§ Task instructions: Transcribe the records verbatim, images excluded.

(Saved data entries)

********

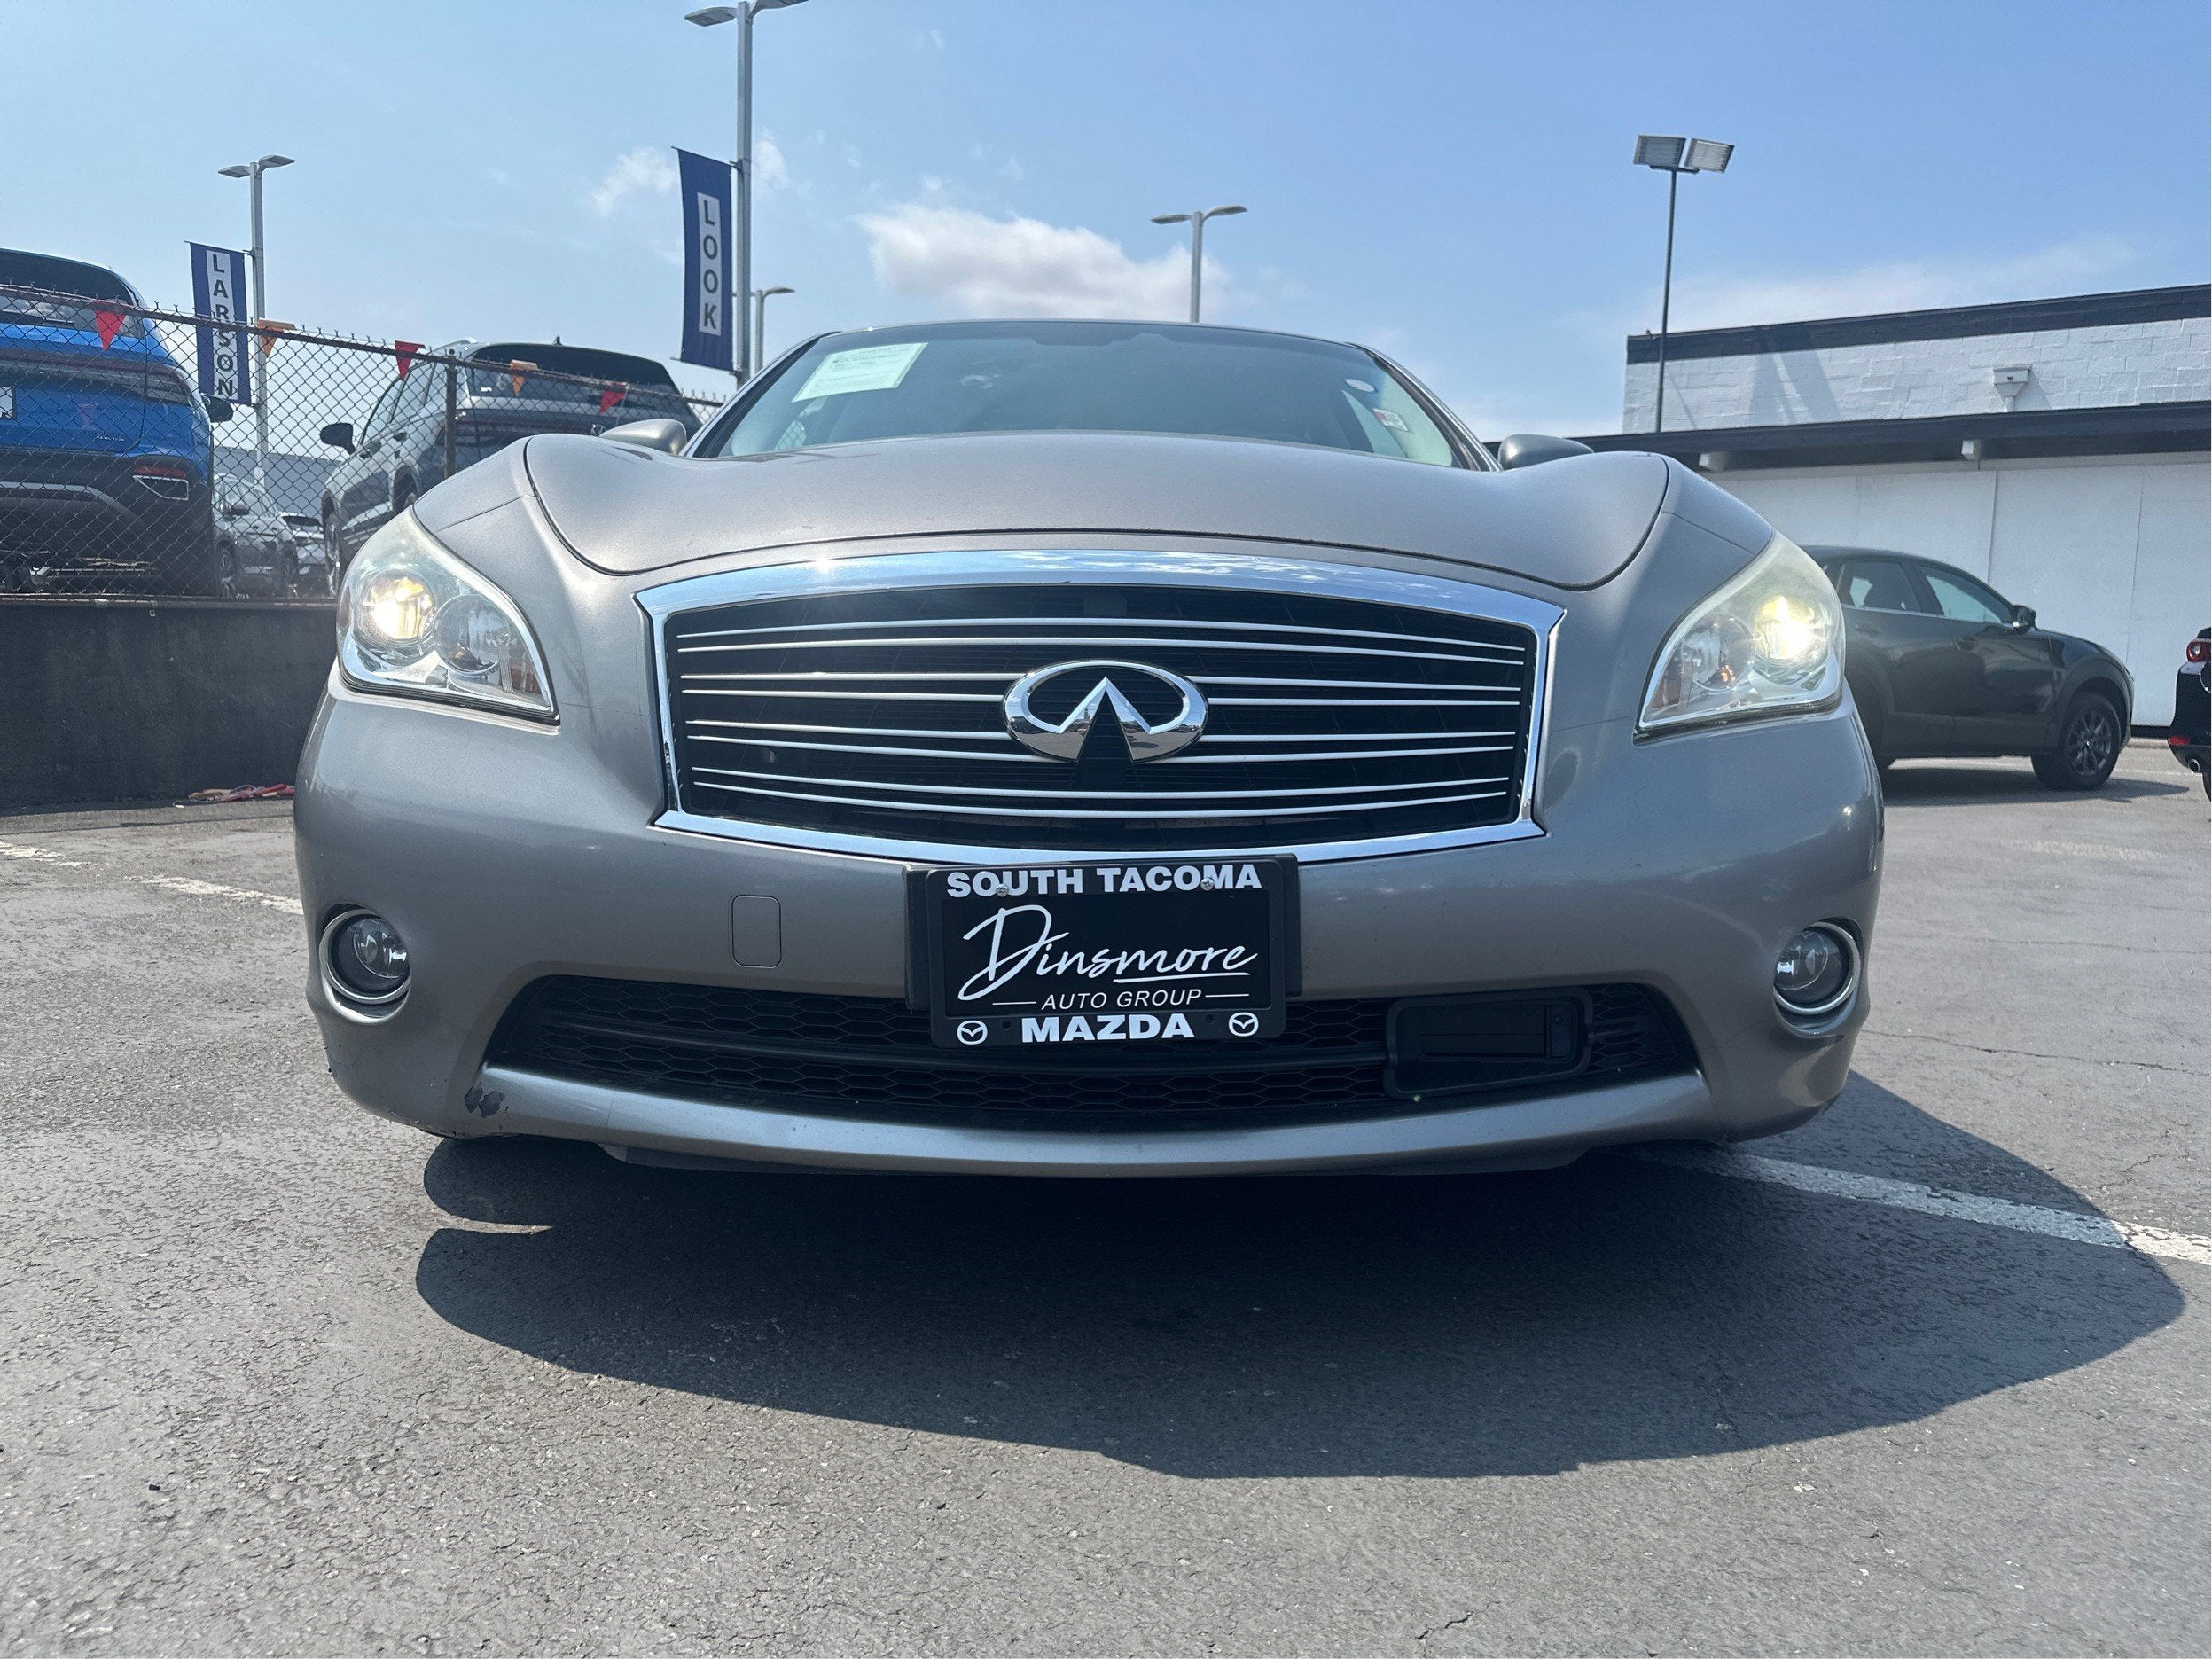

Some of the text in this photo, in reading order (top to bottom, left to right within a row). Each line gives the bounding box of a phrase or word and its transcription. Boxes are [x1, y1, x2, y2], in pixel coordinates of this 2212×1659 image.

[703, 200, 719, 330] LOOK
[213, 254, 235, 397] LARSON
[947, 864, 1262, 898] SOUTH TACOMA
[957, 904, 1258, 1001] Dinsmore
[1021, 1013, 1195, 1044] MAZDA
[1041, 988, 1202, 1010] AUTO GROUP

********

§ Task answer:
Some of the text in this photo, in reading order (top to bottom, left to right within a row). Each line gives the bounding box of a phrase or word and its transcription. Boxes are [x1, y1, x2, y2], in pixel coordinates of this 2212×1659 image.

[703, 200, 719, 330] LOOK
[213, 254, 235, 397] LARSON
[947, 864, 1262, 898] SOUTH TACOMA
[957, 904, 1258, 1001] Dinsmore
[1021, 1013, 1195, 1044] MAZDA
[1041, 988, 1202, 1010] AUTO GROUP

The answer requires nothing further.